In the current circumstances in Gaza, lack of access to medical care has critical consequences. Doctors report severely-injured people they could not save, and others left permanently disabled for lack of proper treatment, which could have spared them a life of suffering and pain. Epidemics easily preventable with proper care are rapidly spreading, endangering tens of thousands of lives.
According to the World Health Organization, of the 36 hospitals operating in the Gaza Strip before the war, only 14 are now functioning – seven in the north and seven in the south. Yet even they are only partly operational: only some departments are working, with medical teams stretched far beyond capacity and contending with severe shortages of staff, equipment, medication, fuel for running the facilities, and food and water for patients and teams. With the hospitals working at more than double their capacity, patients are treated on the floor. Another two hospitals, in Khan Yunis, are providing basic services alone, and only to people sheltering there.
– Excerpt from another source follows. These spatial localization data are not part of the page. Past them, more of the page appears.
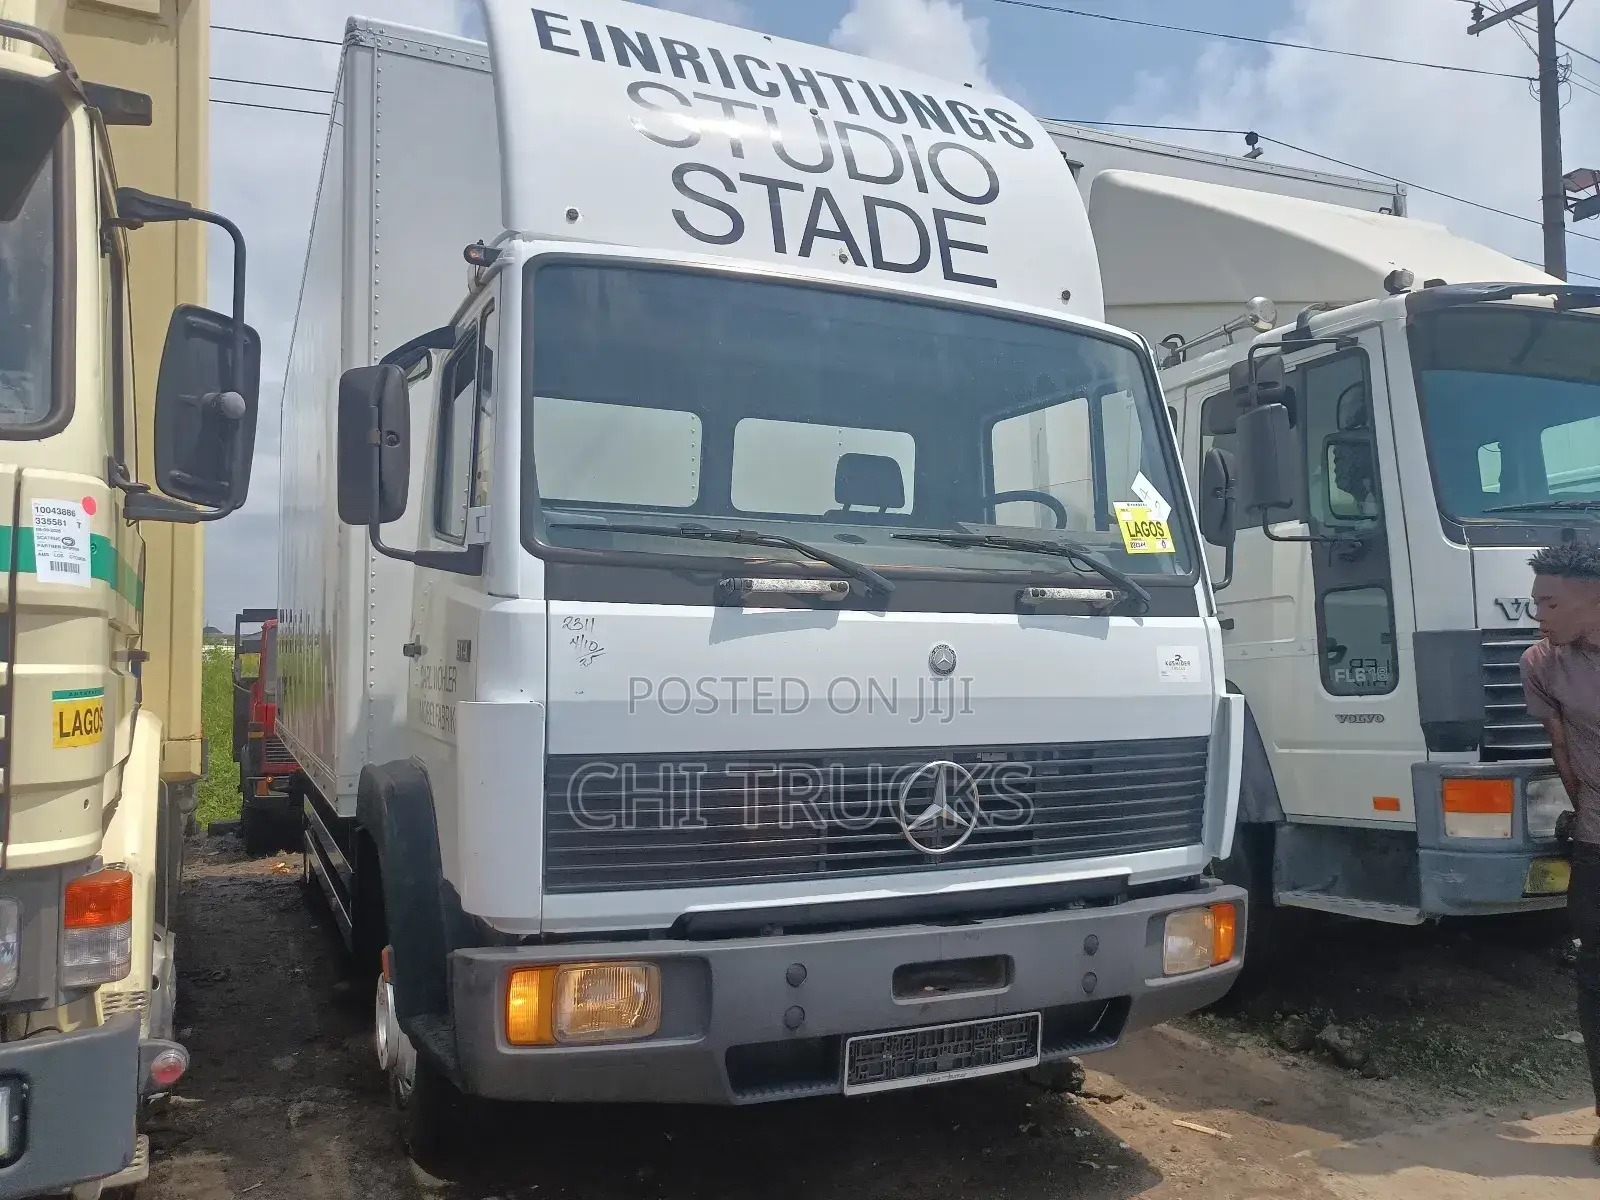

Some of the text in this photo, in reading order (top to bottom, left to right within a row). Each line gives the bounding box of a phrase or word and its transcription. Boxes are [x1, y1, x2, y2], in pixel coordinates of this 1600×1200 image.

[530, 8, 1034, 150] EINRICHTUNGS
[626, 80, 1000, 205] STUDIO
[671, 162, 997, 289] STADE
[76, 521, 82, 529] T
[1126, 521, 1165, 538] LAGOS
[59, 705, 104, 738] LAGOS
[1335, 713, 1385, 724] VOLVO
Since the war began, more than 90 healthcare facilities and 80 ambulances have been damaged.
Aid organizations report that Israel is placing insurmountable obstacles on transferring medical supplies to hospitals, primarily in northern Gaza, and that they are hard pressed to evacuate wounded people due, among other things, to relentless bombings, destruction of roads, fuel shortages and difficulties coordinating the transfer of supplies or injured persons.
The lack of basic medical services is especially worrying given the steady spread of infectious diseases, due to harsh conditions in the overcrowded IDP camps: more than 1 million people huddled together without clean water, enough food or conditions for maintaining basic hygienic. Tens of thousands of cases have already been reported of respiratory infections, diarrhea (especially in children under 5) and Hepatitis-A – all going untreated. This situation also naturally exacerbates chronic conditions such as diabetes, heart conditions, high blood pressure, cancer and mental disorders.
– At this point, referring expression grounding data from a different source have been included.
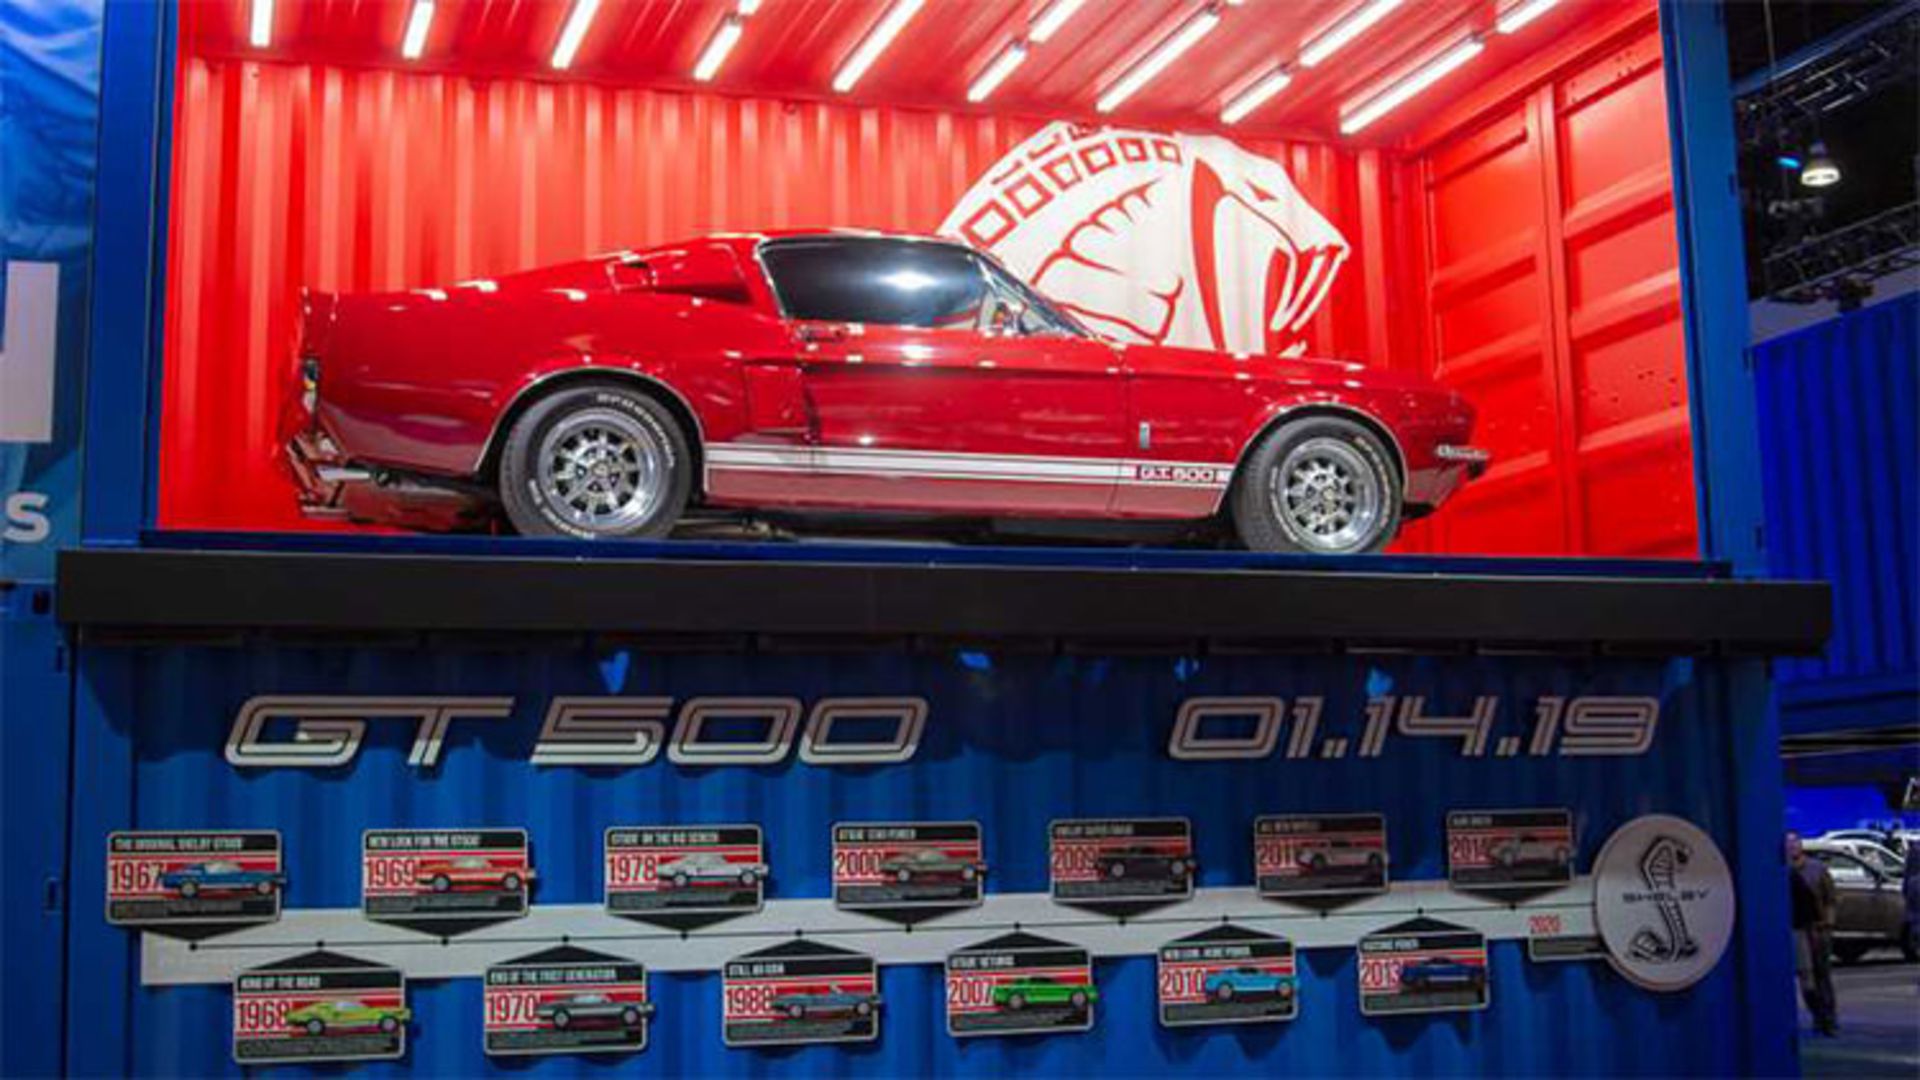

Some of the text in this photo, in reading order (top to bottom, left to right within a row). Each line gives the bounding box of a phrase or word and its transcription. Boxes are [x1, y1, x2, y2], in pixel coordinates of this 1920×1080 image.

[224, 696, 930, 767] GT 500
[1168, 696, 1661, 760] 01.14.19
[608, 854, 657, 882] 1978
[835, 850, 882, 877] 2000
[1258, 841, 1297, 868] 2011
[110, 861, 163, 890] 1967
[367, 859, 417, 886] 1969
[1160, 970, 1205, 997] 2010
[1361, 960, 1401, 989] 2013
[725, 986, 774, 1013] 1988
[949, 979, 994, 1005] 2007
[238, 1001, 290, 1030] 1968
[488, 994, 538, 1022] 1970
Israel argues that the responsibility for this dire reality lies solely with Hamas, for using hospitals to establish command centers, dig tunnels underneath, hide weapons, and stage attacks, among other things. However, these claims do not override the special protection granted by international humanitarian law to hospitals, medical teams, patients and displaced persons. They certainly do not absolve Israel of its obligations, as the principle of reciprocity does not apply in this body of law: one party violating the rules does not permit the other party to follow suit. The actions of Hamas in no way relieve Israel of its responsibility for the harm caused to civilians.
Nonetheless, Israel has repeatedly breached these rules since the war began. Despite knowing full well that hospitals are sheltering hundreds of patients and tens of thousands of displaced persons, it treats them as legitimate military targets. It demands their immediate evacuation, although the population inside has nowhere safe to go. It is also blocking the entry of sufficient humanitarian aid, including medical supplies, to meet the growing needs.
As Israel now claims it has achieved effective control over at least part of the Gaza Strip, this would render it the occupying power there, in the absence of another entity controlling the territory. This would confer on Israel positive duties towards the population, including to provide the necessary medical care itself. Military control does not stand alone, and with such control comes responsibility for civilians living in the occupied territory.
International humanitarian law provides special protection for the most vulnerable populations that cannot protect themselves, to ensure that every person who needs medical care receives it. Denying it sentences thousands of people in Gaza to death, pain and indescribable suffering. This approach is both immoral and illegal, and empties a key moral principle of international humanitarian law of meaning.